(THE RECORDS Opens)
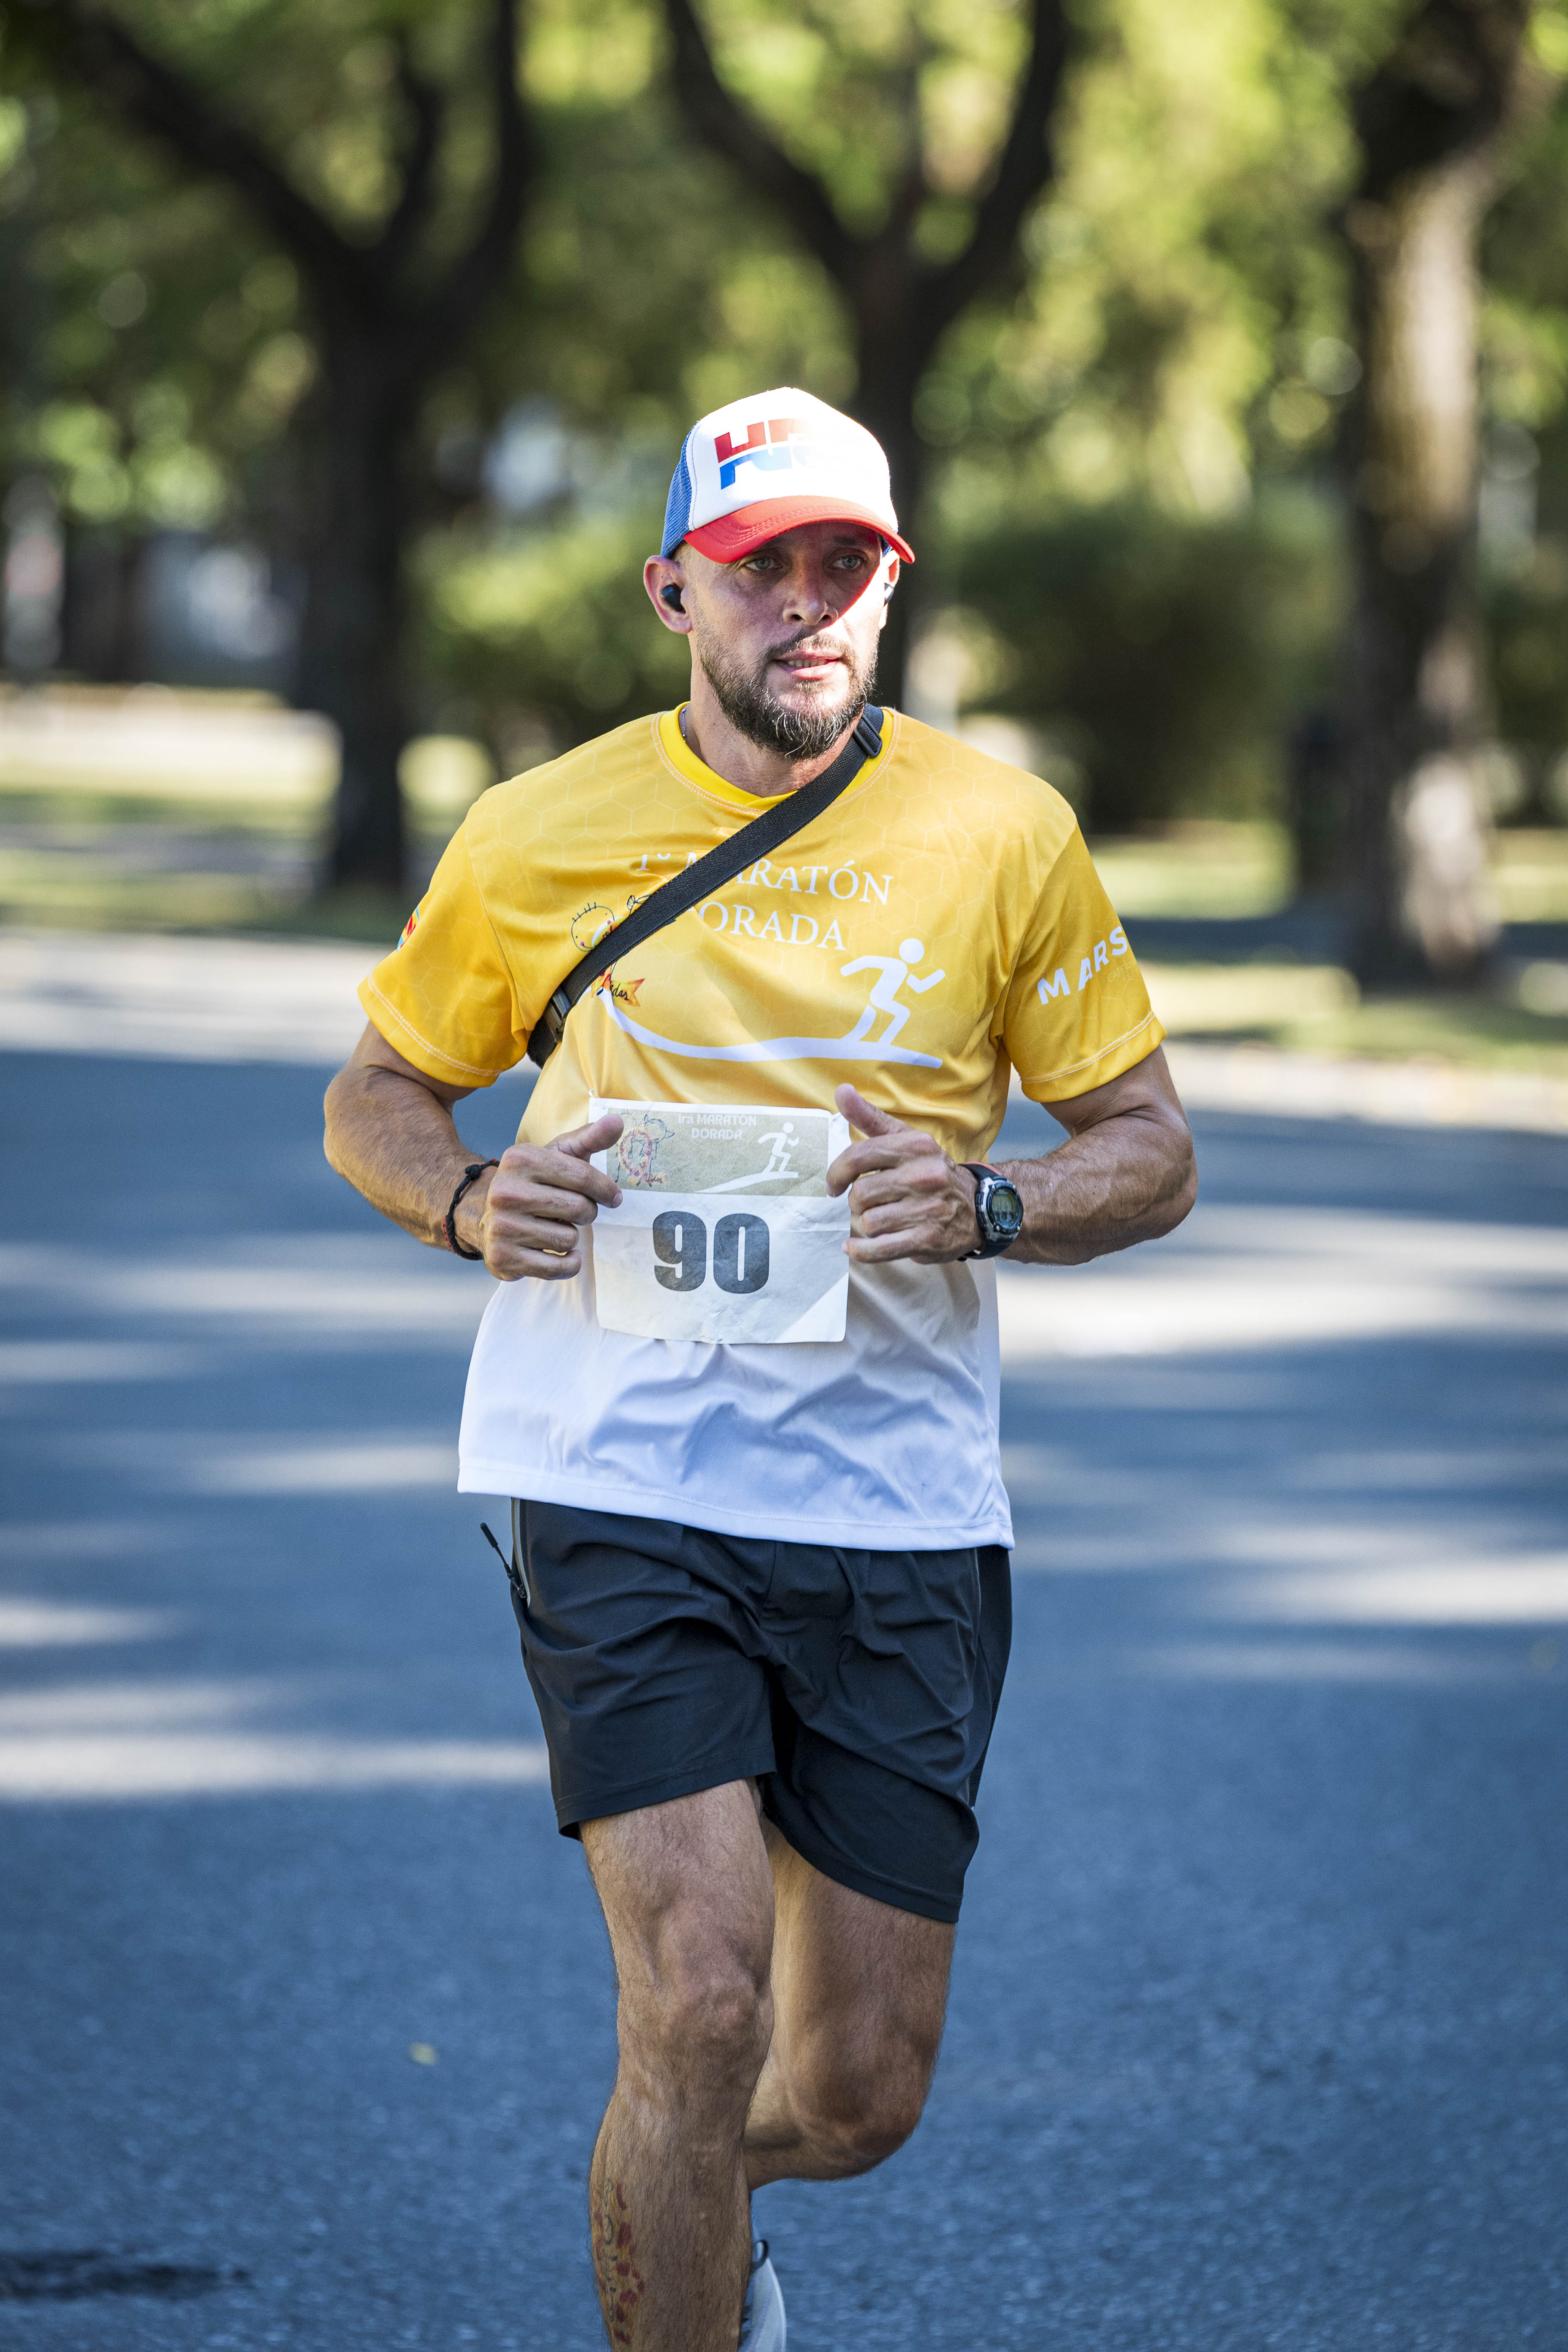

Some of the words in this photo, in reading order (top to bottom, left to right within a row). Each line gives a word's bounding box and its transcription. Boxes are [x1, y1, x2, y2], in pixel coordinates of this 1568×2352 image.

[685, 852, 894, 905] RATÓN
[687, 901, 846, 950] ORADA
[1037, 926, 1128, 1005] MARS
[692, 1128, 742, 1140] DORADA
[653, 1211, 770, 1294] 90
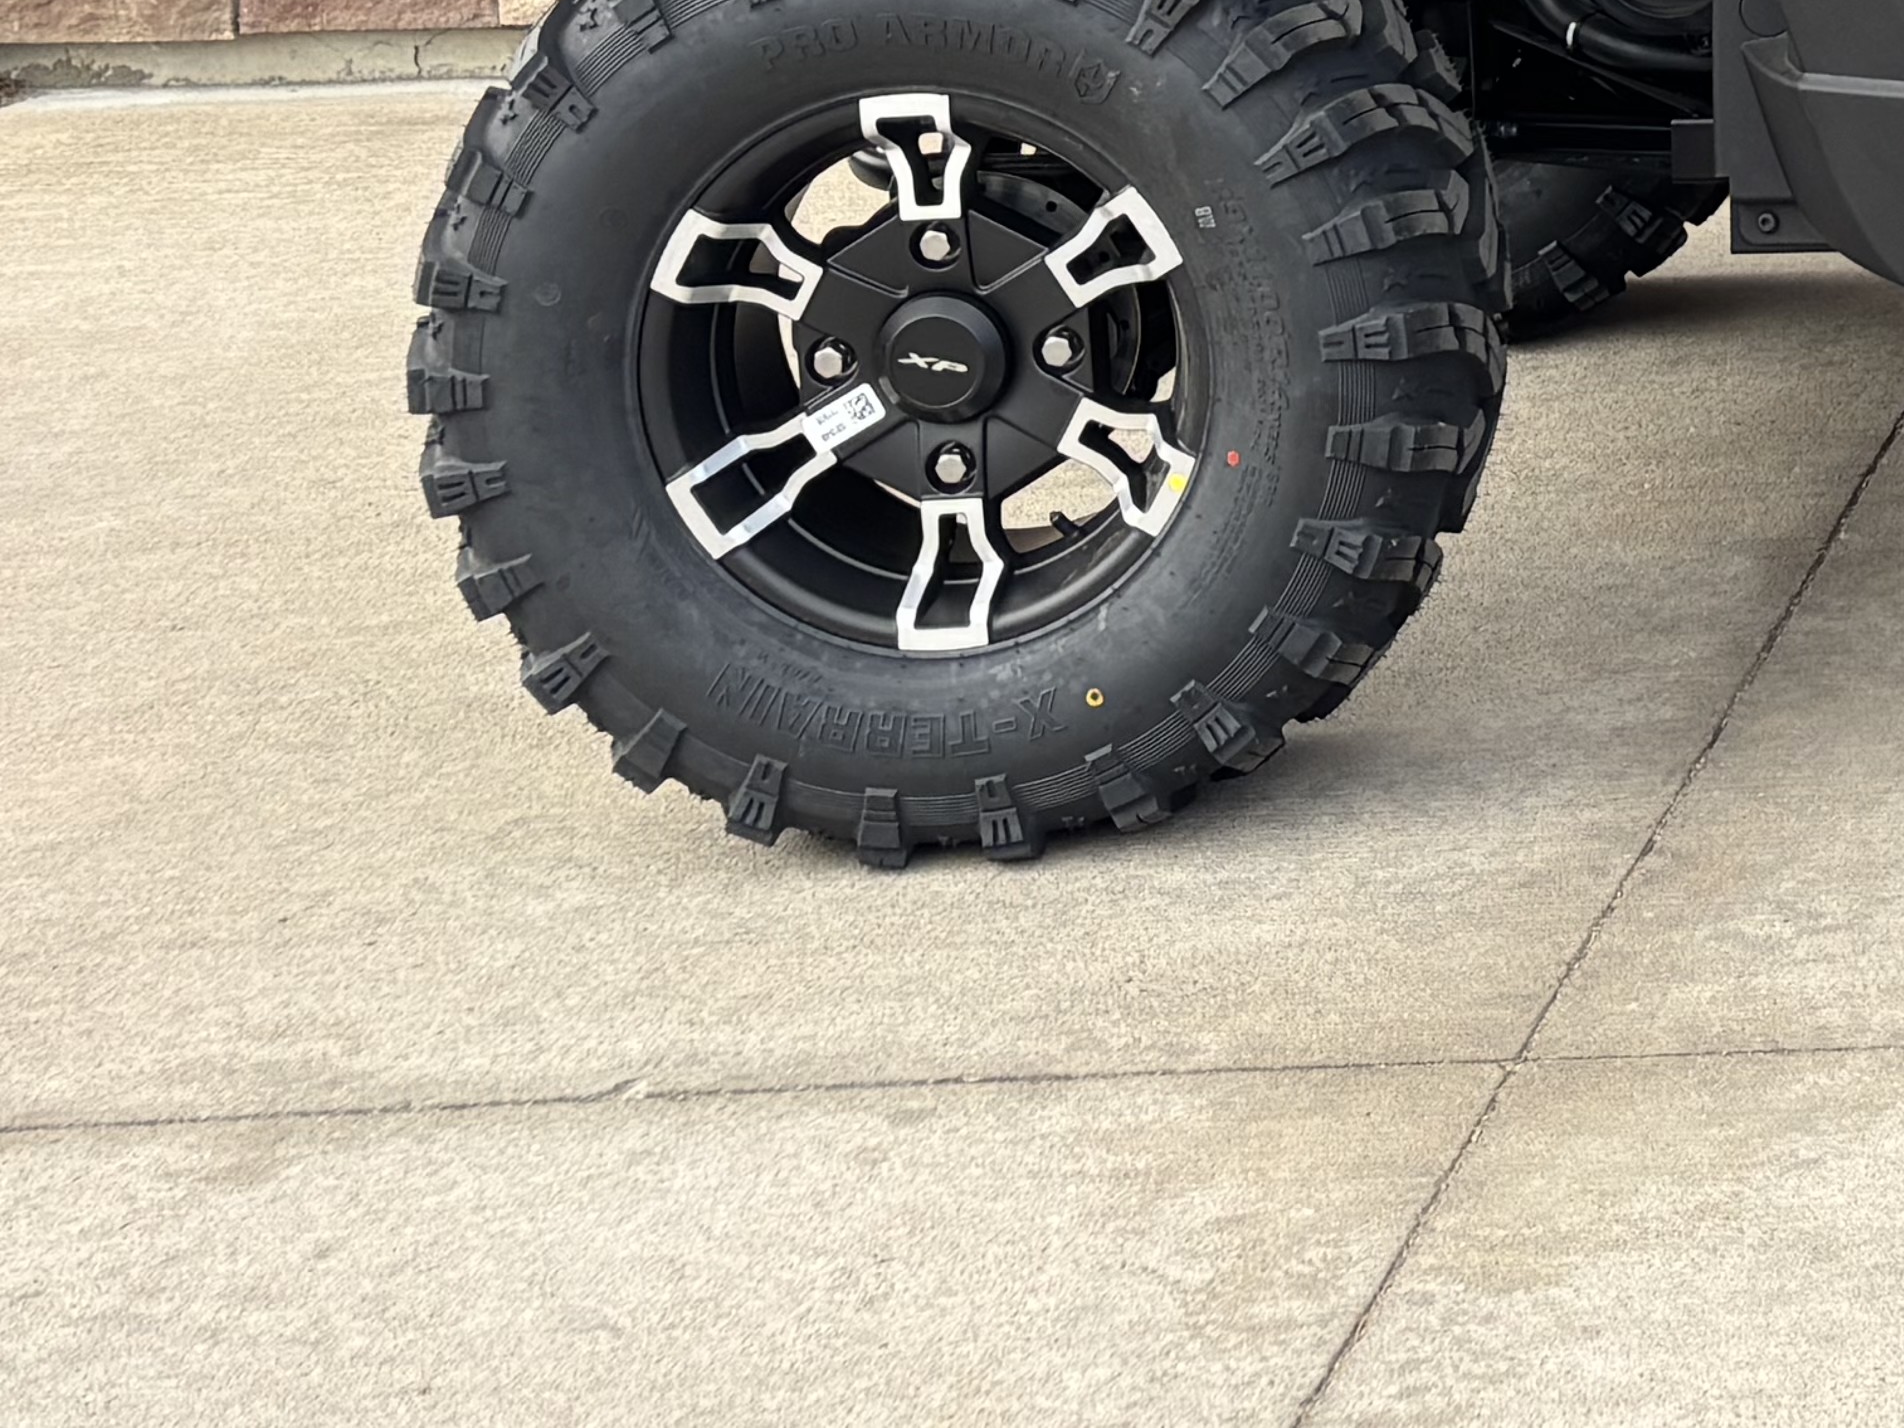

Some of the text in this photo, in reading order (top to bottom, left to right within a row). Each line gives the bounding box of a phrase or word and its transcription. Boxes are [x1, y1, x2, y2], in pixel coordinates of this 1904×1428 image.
(THE RECORDS Closes)
◆ **YOUR ASSIGNMENT**
Could you set down the records above word for word, without any of the pictures?

◆ **TASK RESPONSE**
Some of the words in this photo, in reading order (top to bottom, left to right within a row). Each line gives a word's bounding box and its transcription. Boxes are [x1, y1, x2, y2], in pixel coordinates of this 1568×2352 image.

[685, 852, 894, 905] RATÓN
[687, 901, 846, 950] ORADA
[1037, 926, 1128, 1005] MARS
[692, 1128, 742, 1140] DORADA
[653, 1211, 770, 1294] 90

Some of the text in this photo, in reading order (top to bottom, left to right within a row). Each line gives the bounding box of a phrase or word and its transcription. Boxes are [x1, y1, x2, y2], in pixel coordinates of this 1904×1428 image.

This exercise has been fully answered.